§ **About this exercise**
All of the records below need to be written out exactly, but without the pictures.

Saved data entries
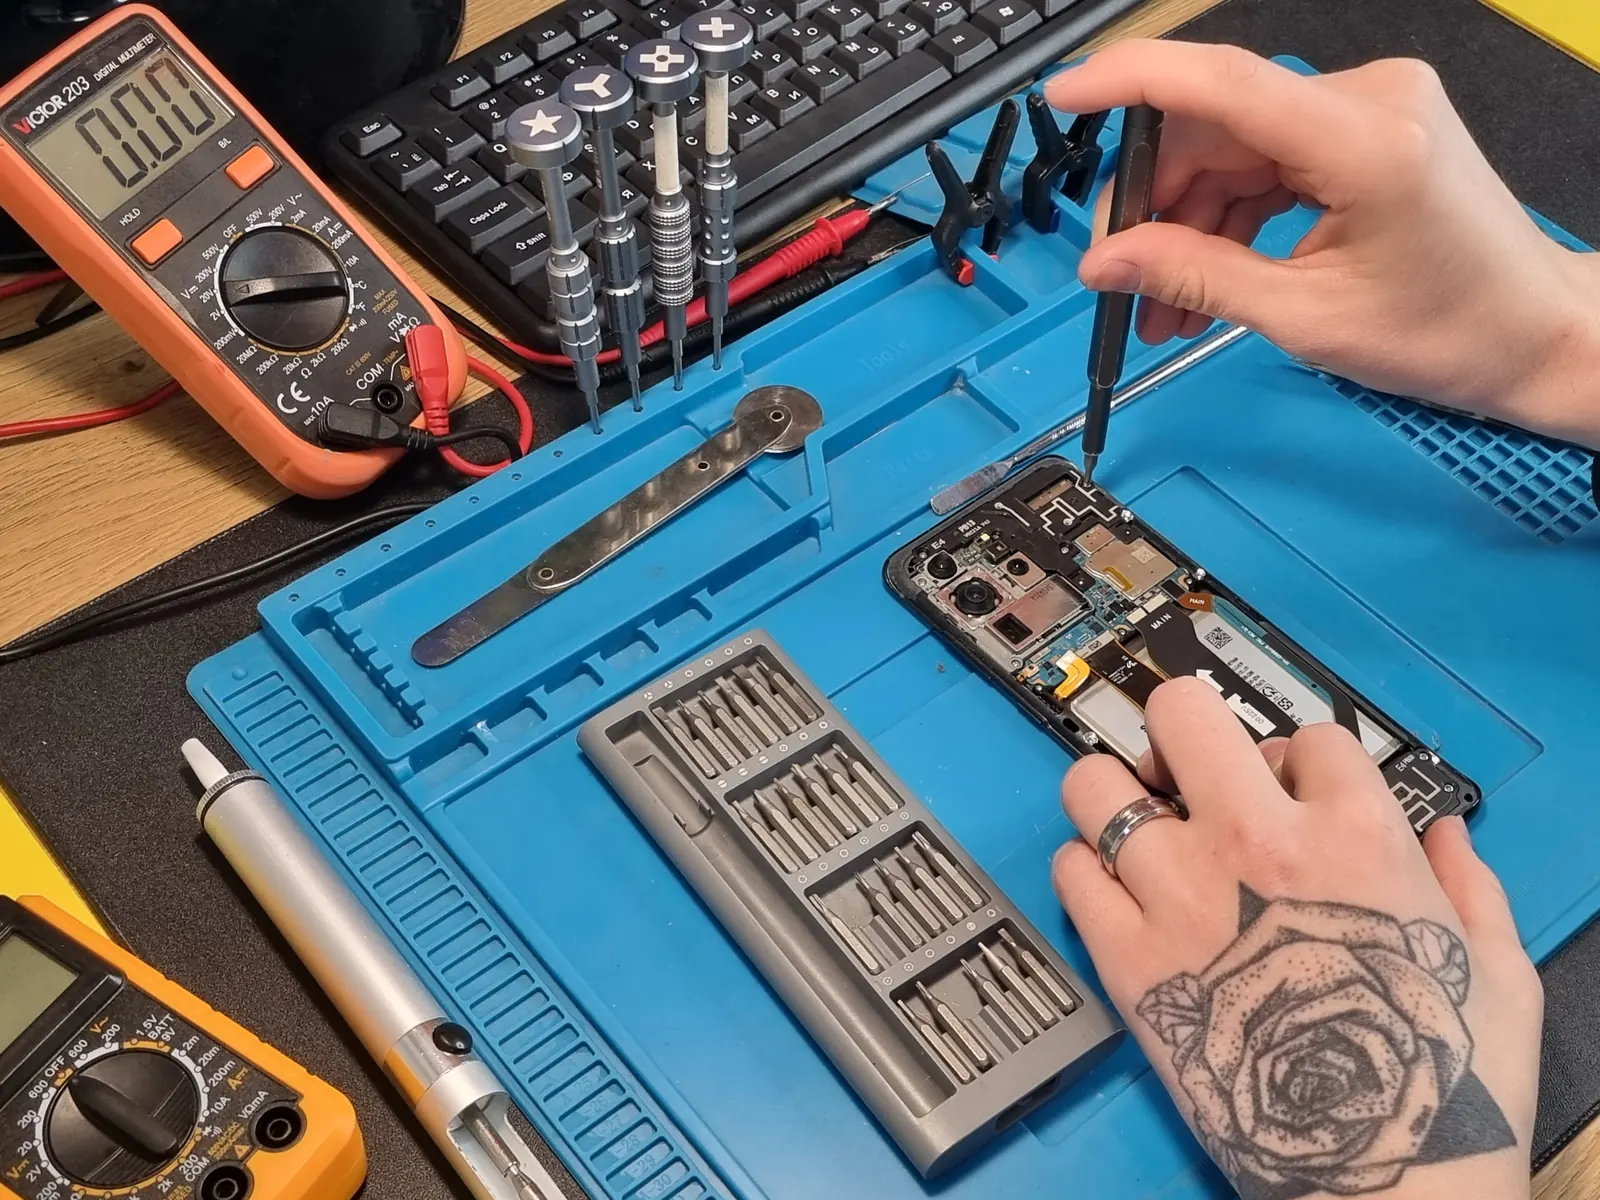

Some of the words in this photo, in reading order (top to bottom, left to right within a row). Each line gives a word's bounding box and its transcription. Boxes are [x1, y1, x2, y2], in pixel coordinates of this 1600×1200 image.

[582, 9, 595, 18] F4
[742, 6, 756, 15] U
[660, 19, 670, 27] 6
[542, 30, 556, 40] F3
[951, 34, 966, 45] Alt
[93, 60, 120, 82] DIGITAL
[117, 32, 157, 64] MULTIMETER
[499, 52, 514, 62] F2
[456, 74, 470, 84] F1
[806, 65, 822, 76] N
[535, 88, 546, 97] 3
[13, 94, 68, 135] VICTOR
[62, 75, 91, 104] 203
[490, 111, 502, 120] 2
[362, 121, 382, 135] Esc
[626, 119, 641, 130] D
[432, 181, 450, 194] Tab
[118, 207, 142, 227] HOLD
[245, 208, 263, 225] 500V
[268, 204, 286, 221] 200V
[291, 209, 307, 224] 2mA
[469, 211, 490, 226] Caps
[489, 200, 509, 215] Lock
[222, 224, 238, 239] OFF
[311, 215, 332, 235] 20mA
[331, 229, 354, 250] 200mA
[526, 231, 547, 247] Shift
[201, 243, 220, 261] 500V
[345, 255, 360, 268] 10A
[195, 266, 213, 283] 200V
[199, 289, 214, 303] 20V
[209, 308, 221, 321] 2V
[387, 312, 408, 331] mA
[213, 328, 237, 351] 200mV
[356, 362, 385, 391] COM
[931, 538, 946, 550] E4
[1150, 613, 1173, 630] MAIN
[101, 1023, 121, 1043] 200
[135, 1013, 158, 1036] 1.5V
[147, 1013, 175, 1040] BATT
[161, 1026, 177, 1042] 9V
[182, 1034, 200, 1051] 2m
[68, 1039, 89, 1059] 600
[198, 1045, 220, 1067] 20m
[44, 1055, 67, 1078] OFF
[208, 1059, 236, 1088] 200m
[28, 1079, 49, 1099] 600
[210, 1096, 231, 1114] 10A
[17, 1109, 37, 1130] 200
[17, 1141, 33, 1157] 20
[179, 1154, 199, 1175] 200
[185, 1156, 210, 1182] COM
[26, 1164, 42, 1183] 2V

§ **Answer box**
Some of the words in this photo, in reading order (top to bottom, left to right within a row). Each line gives a word's bounding box and its transcription. Boxes are [x1, y1, x2, y2], in pixel coordinates of this 1600×1200 image.

[582, 9, 595, 18] F4
[742, 6, 756, 15] U
[660, 19, 670, 27] 6
[542, 30, 556, 40] F3
[951, 34, 966, 45] Alt
[93, 60, 120, 82] DIGITAL
[117, 32, 157, 64] MULTIMETER
[499, 52, 514, 62] F2
[456, 74, 470, 84] F1
[806, 65, 822, 76] N
[535, 88, 546, 97] 3
[13, 94, 68, 135] VICTOR
[62, 75, 91, 104] 203
[490, 111, 502, 120] 2
[362, 121, 382, 135] Esc
[626, 119, 641, 130] D
[432, 181, 450, 194] Tab
[118, 207, 142, 227] HOLD
[245, 208, 263, 225] 500V
[268, 204, 286, 221] 200V
[291, 209, 307, 224] 2mA
[469, 211, 490, 226] Caps
[489, 200, 509, 215] Lock
[222, 224, 238, 239] OFF
[311, 215, 332, 235] 20mA
[331, 229, 354, 250] 200mA
[526, 231, 547, 247] Shift
[201, 243, 220, 261] 500V
[345, 255, 360, 268] 10A
[195, 266, 213, 283] 200V
[199, 289, 214, 303] 20V
[209, 308, 221, 321] 2V
[387, 312, 408, 331] mA
[213, 328, 237, 351] 200mV
[356, 362, 385, 391] COM
[931, 538, 946, 550] E4
[1150, 613, 1173, 630] MAIN
[101, 1023, 121, 1043] 200
[135, 1013, 158, 1036] 1.5V
[147, 1013, 175, 1040] BATT
[161, 1026, 177, 1042] 9V
[182, 1034, 200, 1051] 2m
[68, 1039, 89, 1059] 600
[198, 1045, 220, 1067] 20m
[44, 1055, 67, 1078] OFF
[208, 1059, 236, 1088] 200m
[28, 1079, 49, 1099] 600
[210, 1096, 231, 1114] 10A
[17, 1109, 37, 1130] 200
[17, 1141, 33, 1157] 20
[179, 1154, 199, 1175] 200
[185, 1156, 210, 1182] COM
[26, 1164, 42, 1183] 2V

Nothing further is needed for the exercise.